It is even more shocking to consider Peter's obvious inference that he was righteous while all the evil, wicked things were happening in Sodom. From this, we can conclude that he did not become righteous through repentance and faith in Jesus Christ after the shock of events that occurred with the destruction of Sodom and Gomorrah, but that God deemed him righteous before that time and through the event. Lot, that righteous man, was troubled with what was occurring within the city.

Lot, then, was not what we would consider a bad or evil man. He was, in fact, what we would consider to be a converted man. He had received the grace of God, so righteousness was imputed to him, even as it is to us.

Peter writes that Lot was tormented by the things that he saw in Sodom and Gomorrah. What does this mean? It means that he clearly understood sin. It does not seem that the Sodomites were concerned at all, but Lot was. He understood that his neighbors were far off the mark.

However, though he was not wicked himself, he did nothing to remove himself from his evil situation. There is the problem. He lingered. He was willing to coexist with sin.

John W. Ritenbaugh
Faith (Part Three)

Revelation 11:8

That identification is pretty clear: Sodom—Egypt—Jerusalem, all in one hand, each describing the other.

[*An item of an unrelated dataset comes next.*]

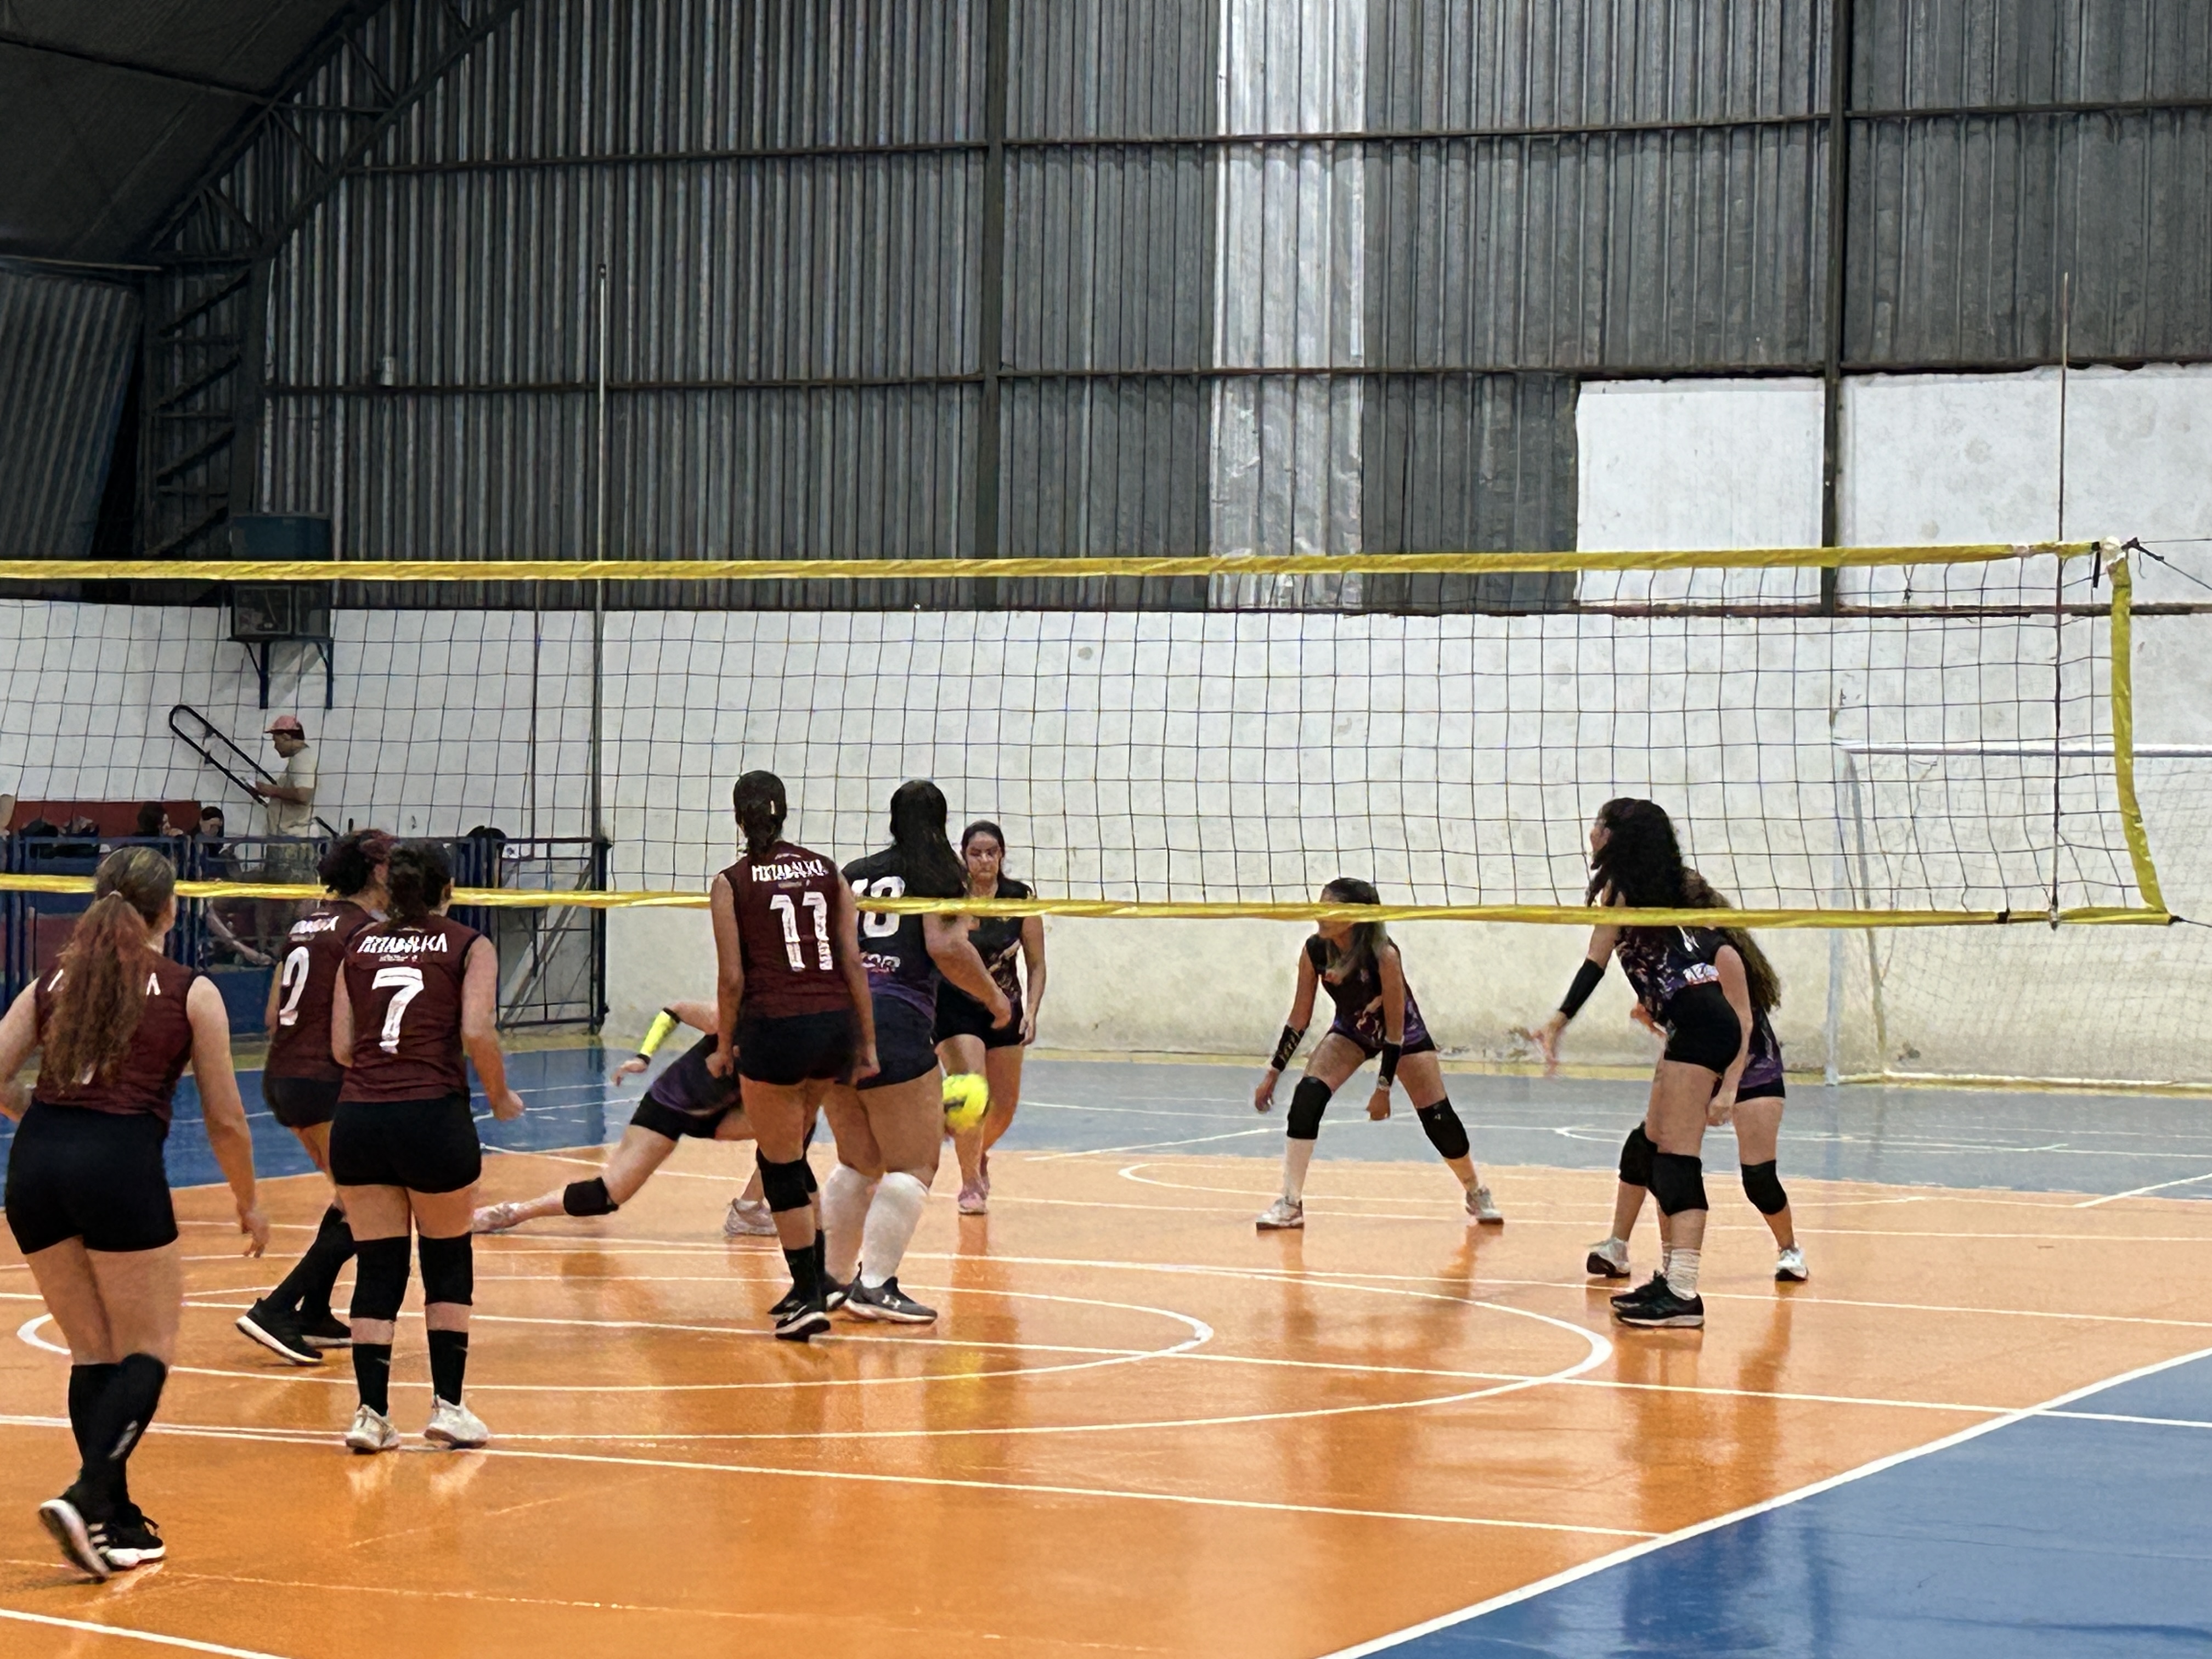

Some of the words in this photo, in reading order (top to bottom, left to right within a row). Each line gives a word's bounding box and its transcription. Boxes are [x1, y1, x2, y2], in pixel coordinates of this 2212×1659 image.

[770, 891, 833, 972] 11
[279, 946, 309, 1026] 2
[372, 966, 424, 1053] 7

God is giving evidence here to solve the identity of the prostitute by comparing Israel to Sodom and Egypt. Sodom is noted in all of the history of mankind for its sexual sins, and Egypt is known to all biblical students of a harsh and exacting slavery of the Israelitish people.

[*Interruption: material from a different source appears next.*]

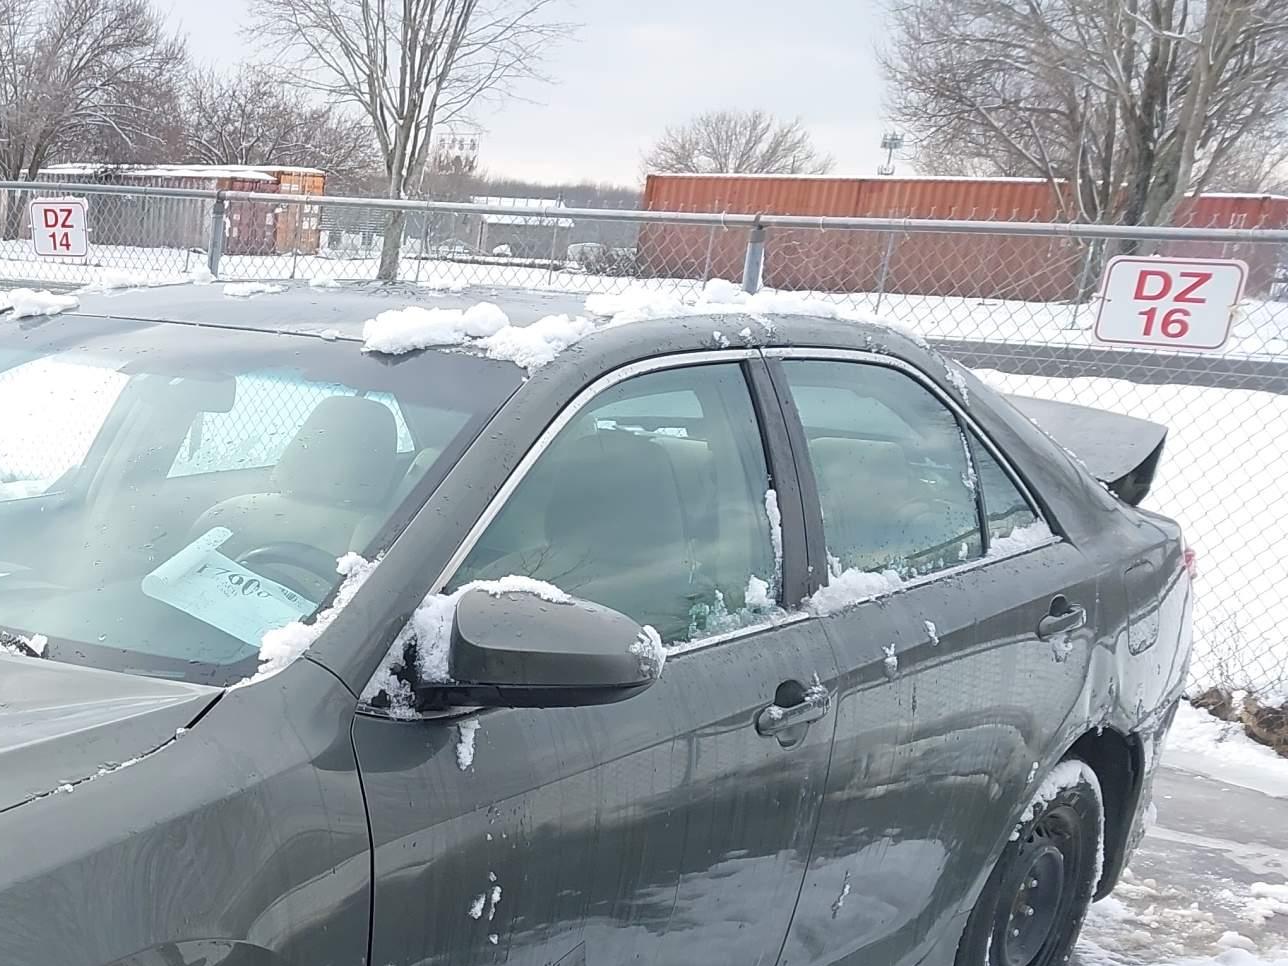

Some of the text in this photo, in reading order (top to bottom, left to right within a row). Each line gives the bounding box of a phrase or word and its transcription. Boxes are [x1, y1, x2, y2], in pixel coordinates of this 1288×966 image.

[43, 208, 74, 228] DZ
[48, 232, 72, 251] 14
[1133, 270, 1213, 303] DZ
[1138, 307, 1192, 338] 16

These two stunning and dramatic comparisons are of Israel's immoral characteristics, so why not compare Israel to Babylon? He has already compared Israel to Sodom and Egypt. Could it get any worse? None of those is a beautiful comparison. Every one of them is putting Jerusalem and Israel on the spiritual and moral level that they deserve—to be compared to Sodom and to Egypt. God reserved His harshest judgments for those who should know better but waste their gifts in prideful self-indulgence.

John W. Ritenbaugh
Where Is the Beast? (Part Five)

Revelation 11:8

Babylon is called great (Revelation 14:8; 16:19) in the same way that Jerusalem, representing all of Israel, was called great (Revelation 11:8). When "great" is used in this manner in this kind of a context, it not complimentary. The word in the Greek is megas, and it literally means "big." It can mean big or great in size, magnitude, intensity, or rank, in either a good or a bad sense. It depends on the context. This is interesting, because when God symbolically dwelt in the Holy of Holies, Jerusalem was known by its citizens as the "Holy City."

Tradition tells us (especially through Josephus) that God departed His residence there shortly before AD 70. The "Holy City" title for Jerusalem does not come back into the story-flow of the book of Revelation until Revelation 21:2-3.

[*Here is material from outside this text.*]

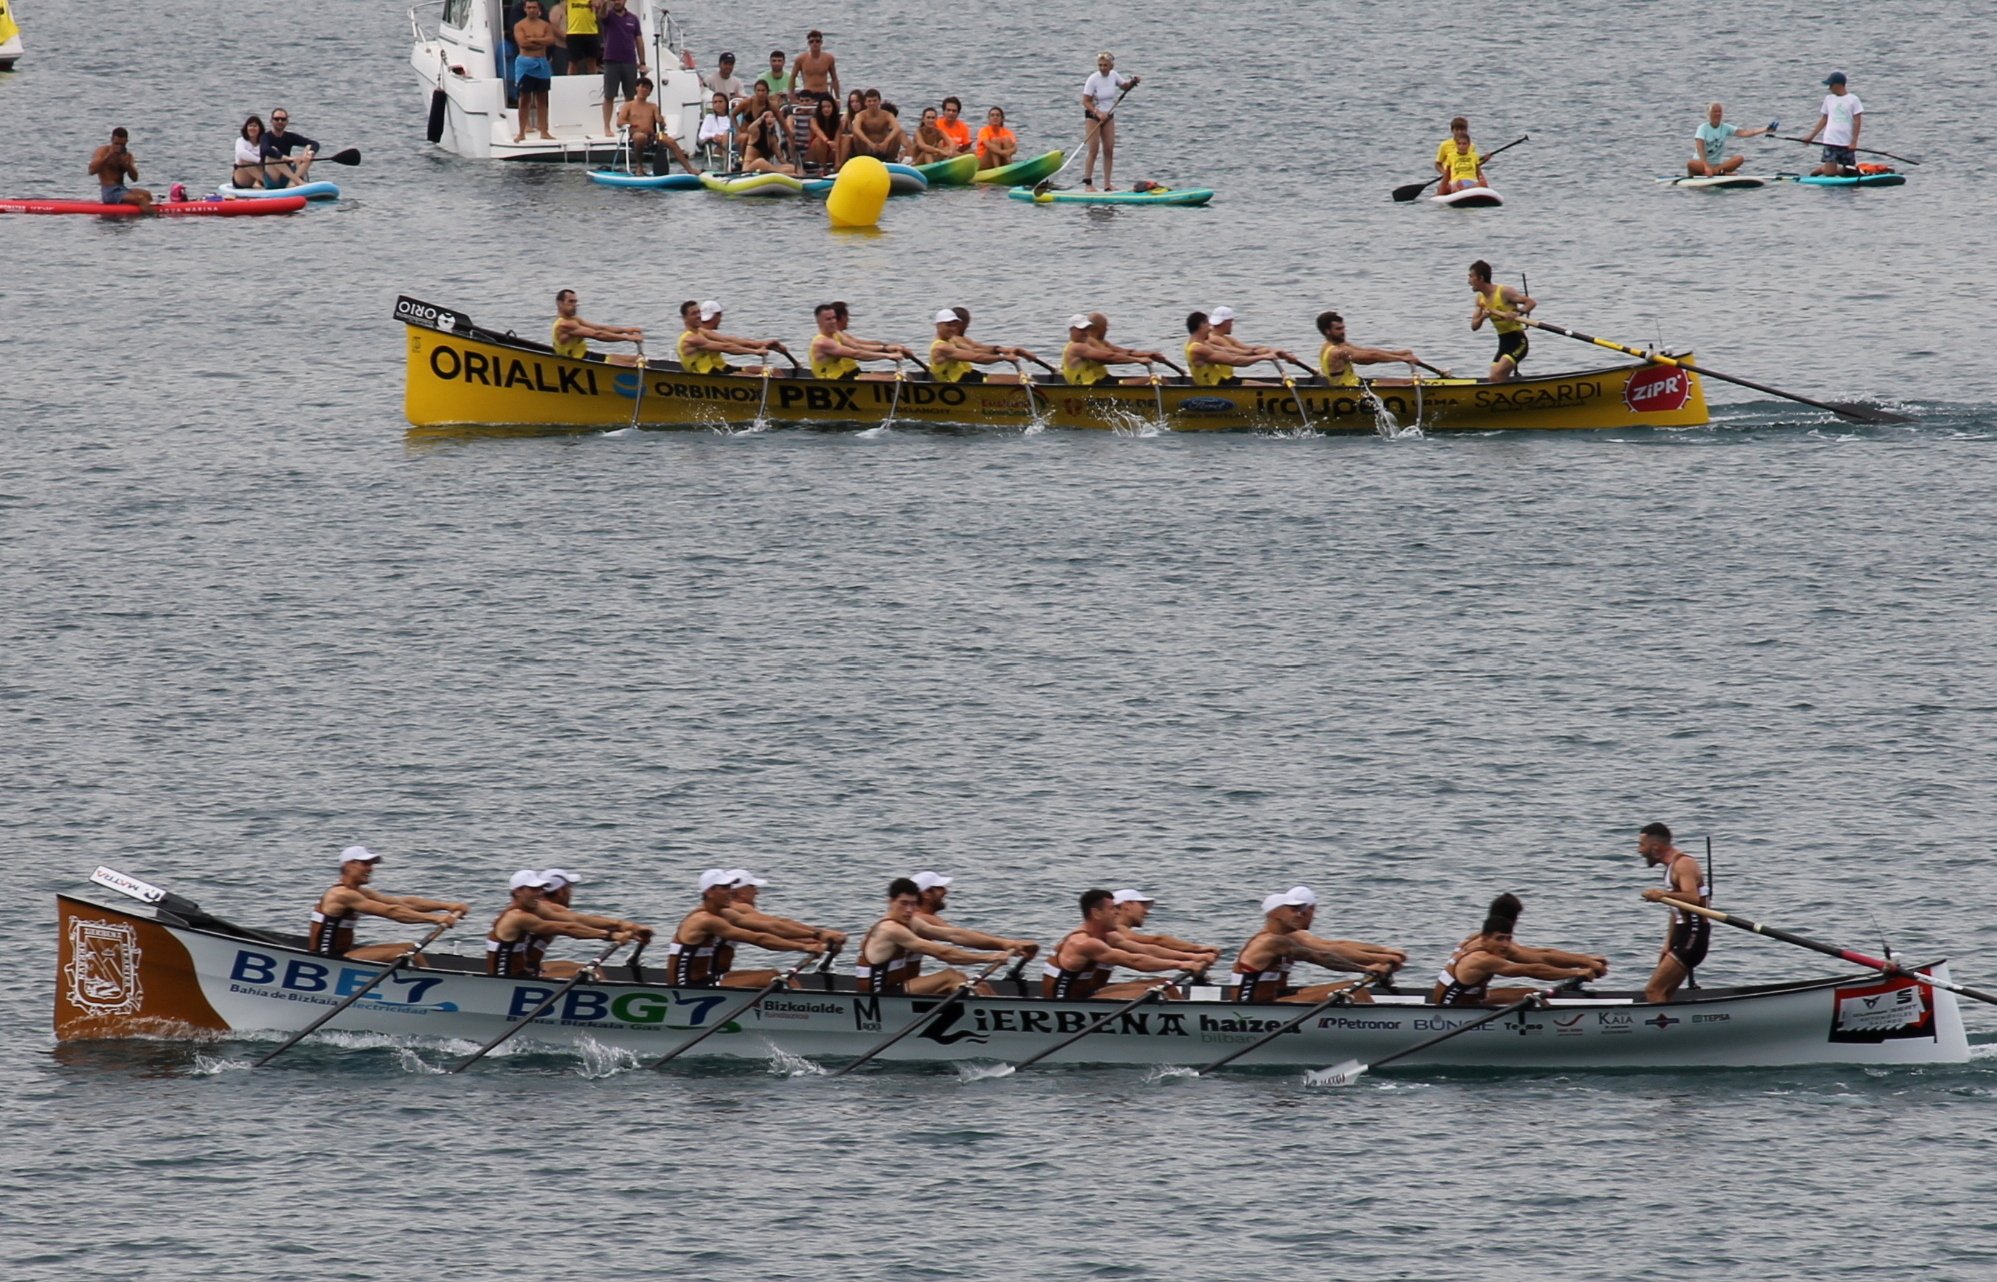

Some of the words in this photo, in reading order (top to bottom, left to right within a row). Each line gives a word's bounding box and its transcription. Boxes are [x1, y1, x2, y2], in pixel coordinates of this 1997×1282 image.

In Revelation 21, the title "Holy City" is once again going to be applied to Jerusalem, but until that time, when God dwells there, it is known as the "great" city. It is great just like Babylon in its anti-God, sinful influence and economic, political, and military power. But most certainly it is not great in holiness. Israel's conduct puts its place next to Sodom, Gomorrah, Egypt, and Babylon in great defiance against God, against His message and His messengers, and thus it lost its identification as "the Holy City" and became "great."

John W. Ritenbaugh
Where Is the Beast? (Part Five)

Revelation 17:5

In Revelation 17:5, "harlot" is to be understood as including men too, involved in what the Bible specifies as "harlotry," something that in normal circumstances would only be said of a female, but biblically includes both men and women. Therefore, "MOTHER OF HARLOTS" specifically refers to unfaithfulness within a covenant relationship with God, not a specific human sexual sin.

The Protestant churches that revolted from the Catholic Church were certainly not unfaithful to God as churches. Neither was the Catholic Church unfaithful to God as a church. Why? Because they never entered into a covenant with Him! They were never His church! But the citizens of the nations of Israel were certainly unfaithful to God within a covenant relationship.

John W. Ritenbaugh
Where Is the Beast? (Part Five)

Revelation 17:5

Is it really wild, unjust, and perhaps outright wrong that God could refer to Israel as a great prostitute, Mystery, Babylon the Great, the mother of harlots? Notice, however, Revelation 11:8: "And their dead bodies will lie in the street of the great city which spiritually is called Sodom and Egypt, where also our Lord was crucified." In the same book, He calls Jerusalem "Sodom and Egypt"! Both were despicable places. God is providing evidence to solve the identity of the prostitute by comparing Jerusalem—representing all Israel—to Sodom, noted in history for its sexual sins, and Egypt, known to biblical students for its harsh slavery of the Israelites and as a type of the anti-God world we must come out of.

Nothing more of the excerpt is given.